さて、オムライスと言えば。

 日本が生んだ洋食とは言え、完全に洋食スタイルなのもいかがなものか。

 灯矢(とうや)の食べたいものは、きっとそれかもしれないが。完全に洋食店の味を再現するだけでも面白くない。面白味を追求してもいけないとは思うが。

 少々、内側のご飯の味を工夫しようと決めた。

 灯矢から取り出した心の欠片である、卵達は調理台の脇に置き。

 まずは、玉ねぎを刻むことにしたが。


「灯矢君は、苦手な野菜とかはありますか?」
「な……ない、です!」
「ふふ。基本的に好き嫌いはないんですよ」


 母である灯里(あかり)が小さく笑うくらいだから、本当にないのだろう。であれば、にんじんとピーマンを入れよう。

 火坑(かきょう)は子育てをしたことはないが、野菜をまったく食べないのもいけないと思っている程度。

 火の通りやすいように、細かく刻み。油で炒めて、合い挽き肉も入れてケチャップは入れずに、醤油、砂糖、酒、みりんを合わせた調味液を流し入れる。

 アルコール部分を飛ばすためにも、よく煮込んで。煮詰まったら、ご飯を入れて混ぜてから皿に盛り付けておく。


「ケチャップの匂い……しない?」


 ちょっとだけ残念がっているようだが、火坑は小さく笑った。

 次に卵。

 灯矢から取り出した、有精卵のように赤い卵。これを贅沢に三つも使い、バターと塩胡椒でスクランブルエッグのように焼いていく。

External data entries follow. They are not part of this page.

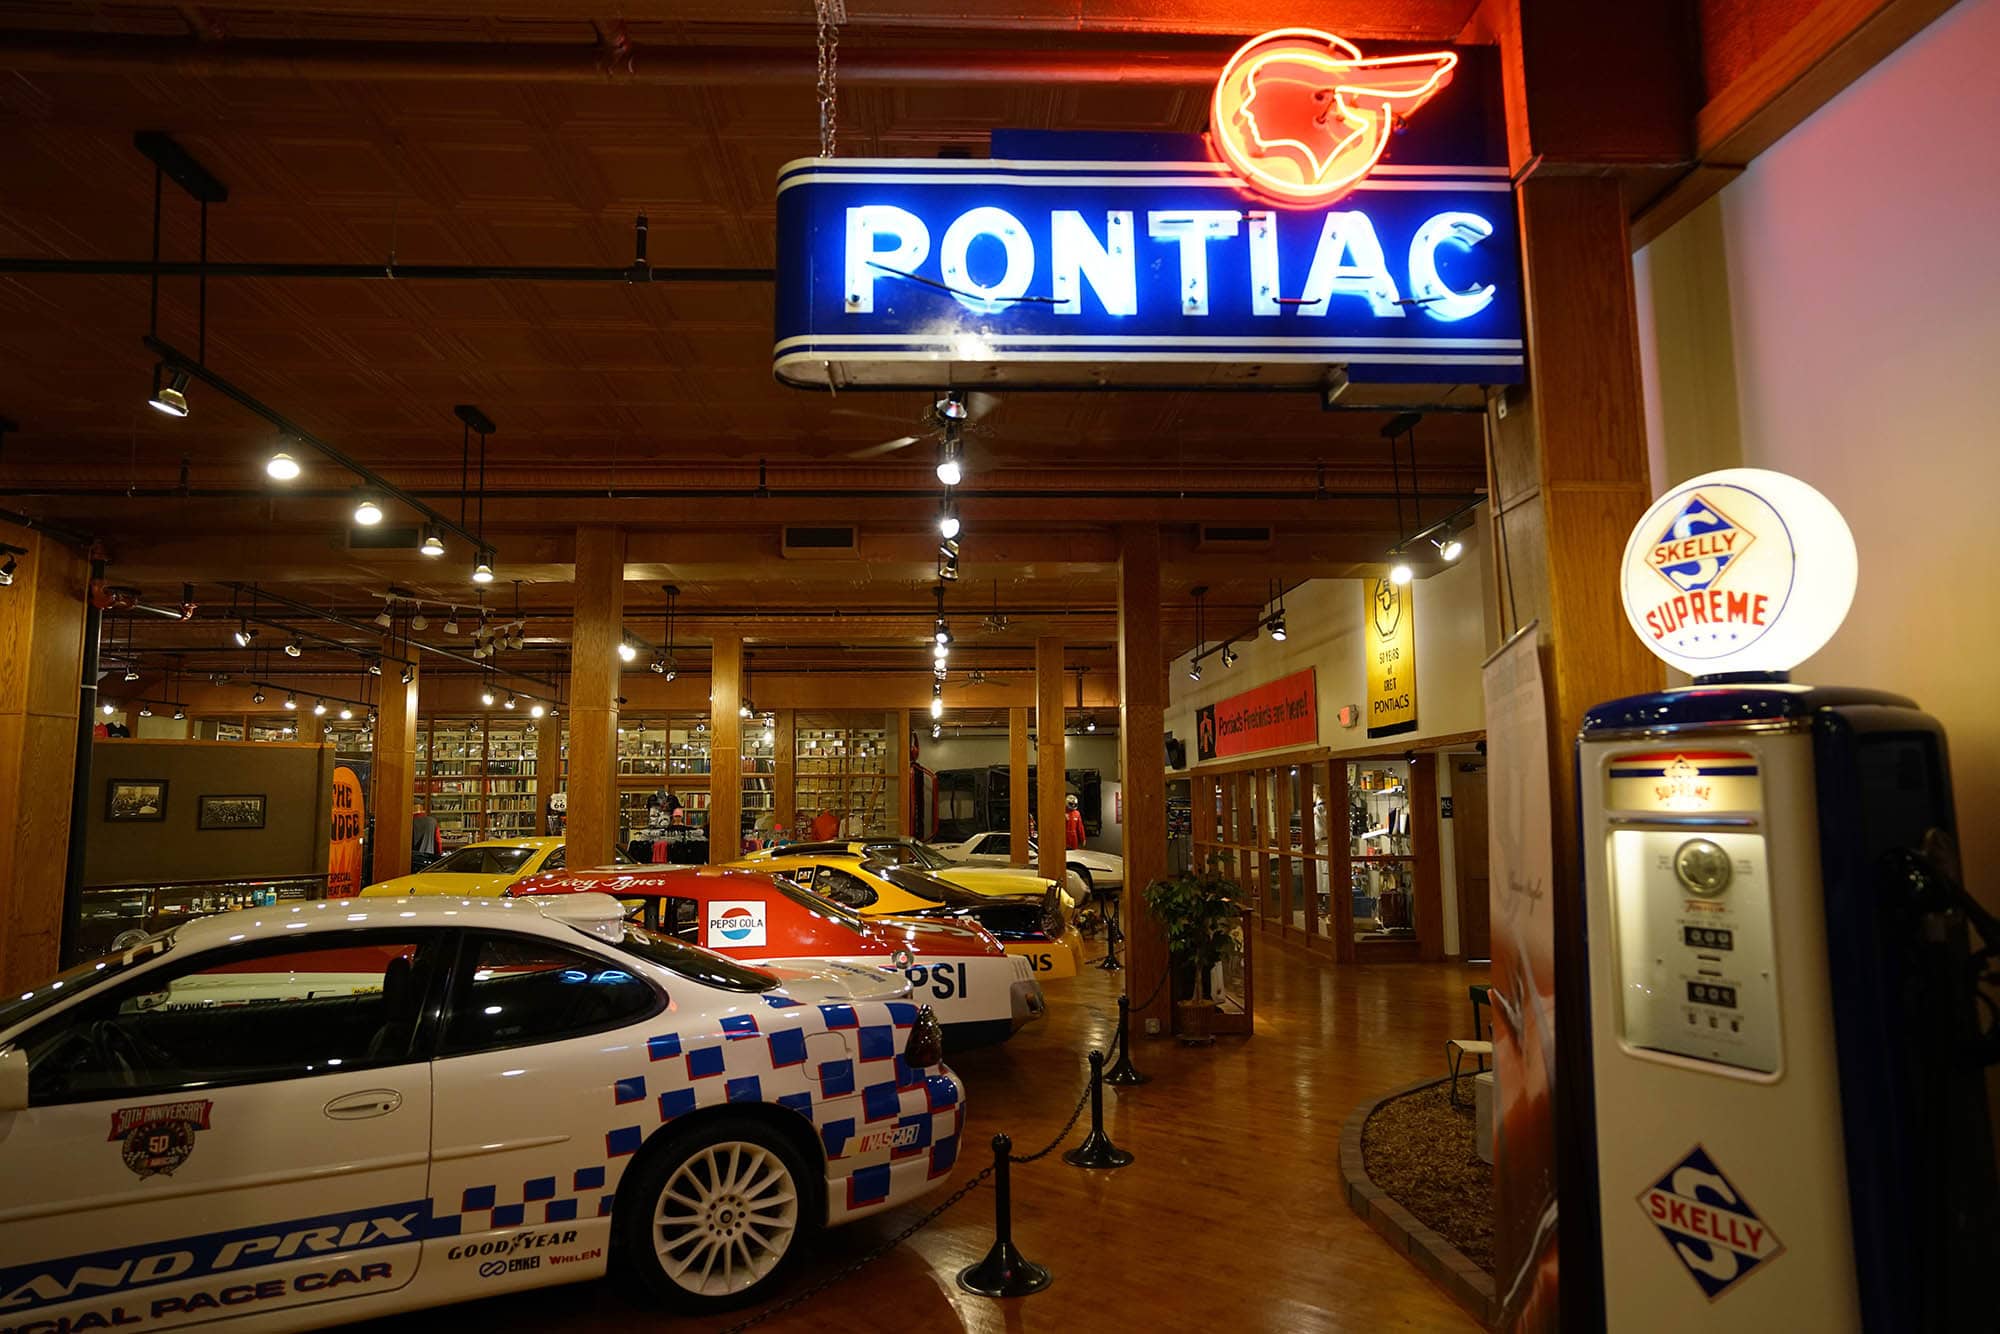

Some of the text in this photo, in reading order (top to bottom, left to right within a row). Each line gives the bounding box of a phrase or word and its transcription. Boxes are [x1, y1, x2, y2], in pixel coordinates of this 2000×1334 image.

[844, 203, 1497, 322] PONTIAC
[1654, 532, 1738, 565] SKELLY
[1645, 589, 1769, 640] SUPREME
[1374, 693, 1410, 714] PONTIACS
[553, 801, 566, 809] 66
[1654, 783, 1712, 801] SUPME
[798, 870, 813, 880] CAT
[710, 918, 764, 929] PEPSI COLA
[119, 1101, 207, 1132] 50TH ANNIVERSARY
[149, 1135, 170, 1153] 50
[869, 1126, 916, 1151] NASCAR
[1649, 1192, 1764, 1253] SKELLY
[211, 1212, 419, 1269] PRIX
[508, 1247, 602, 1273] ENKEI WHELEN
[151, 1279, 287, 1318] PACE
[293, 1262, 393, 1293] CAR

 それを包むように、ご飯の上に乗せたら。仕上げに、灯矢念願のケチャップをかけていく。

 途端、灯矢から『わあ』の声が上がった。


「お待たせ致しました。特製和風オムライスです」
「わふう?」
「醤油とか、みりんを使ったので。普通のオムライスとは違うんですよ?」


 灯矢にはまだ持つのが重そうなので、カウンターに置いてやった。木製のスプーンを渡してやると、彼の白目が黒く、水色のような瞳が楽しそうに輝き出した。

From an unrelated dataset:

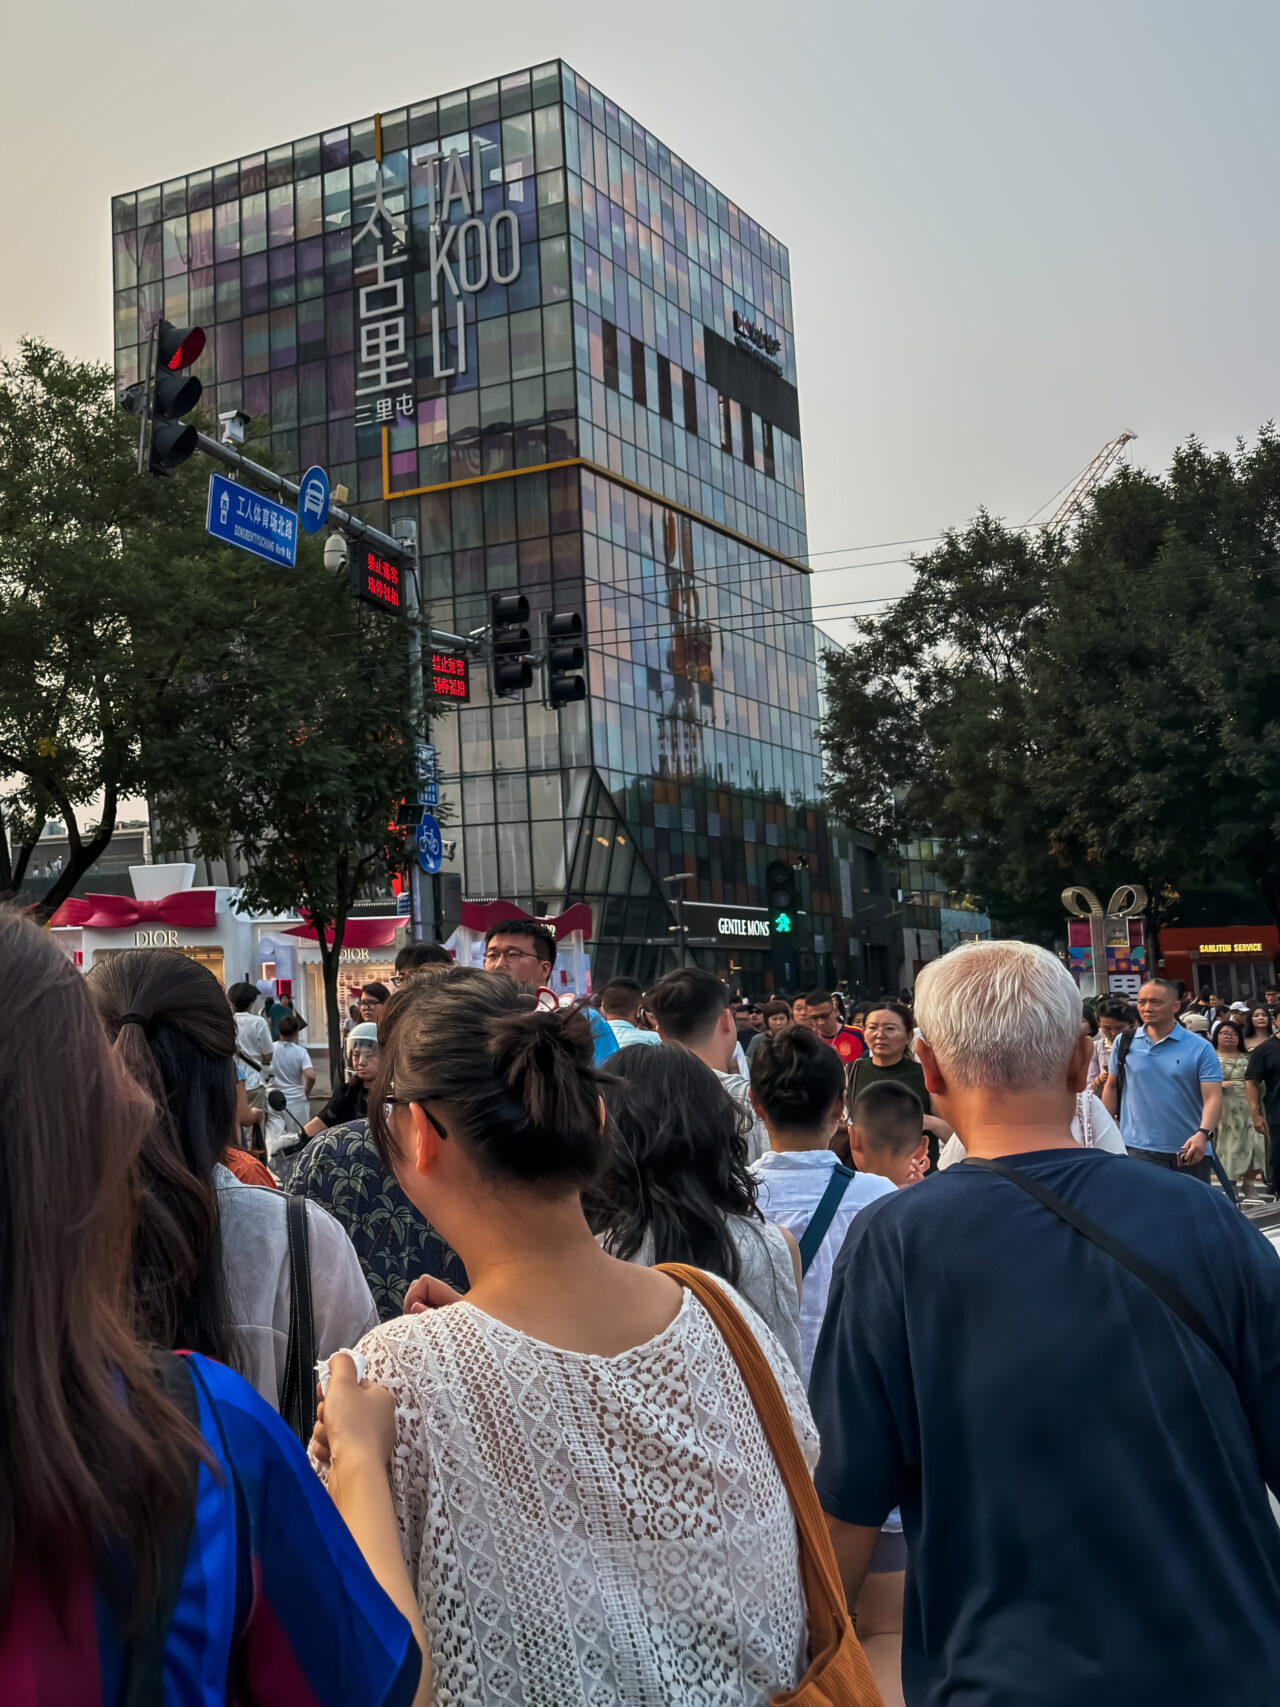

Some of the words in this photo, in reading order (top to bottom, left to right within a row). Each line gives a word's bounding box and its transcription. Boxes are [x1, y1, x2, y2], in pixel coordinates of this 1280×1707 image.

 子供の客は少なくないが、たまに訪れる彼らと同じ表情になるのは嬉しかった。

 もう一度、さあどうぞ、と告げれば。灯矢はいただきますをしてから、スプーンでオムライスをすくった。


「わあ!」


 また声を上げてから、勢いよく口に入れると。はふはふしながら、ゆっくりと噛んでいく。


「こらこら、ゆっくり食べなさい」
「……ん。美味しい!! おしょーゆの味のご飯だけど、美味しい!! 卵、ふわふわ!!」
「ふふ。ここの大将さんのお料理だもの?」
「お粗末様です」


 喜んでくれて何よりだ。

 灯矢は少しオムライスが冷めてからも、ゆっくりゆっくり食べていく。普段から、灯里達にきちんと言いつけられているのだろう。

 ああ、もし美兎(みう)と将来的に結婚して子供が出来たなら。どう育てていくのか。

 楽しみだが、まだまだ考えるのは早いと考えていたことを霧散させたのだった。


「……ごちそうさま、です」


 気がつくと、ゆっくり食べていたのにもう灯矢は食べ終えてしまったようだ。

 子供サイズに作ってやったから、なくなるのもあっという間だったのだろう。

 次はどうするか、灯里の方に聞くと。


「卵ばかりもよくないですし……去年と同じような煮穴子の握りを」
「あなご??」
「ふわふわして美味しいお魚よ?」
「食べたい!」
「かしこまりました」


 それから、雨女一行のランチタイムは。

 時間の許す限り、続いていったのだった。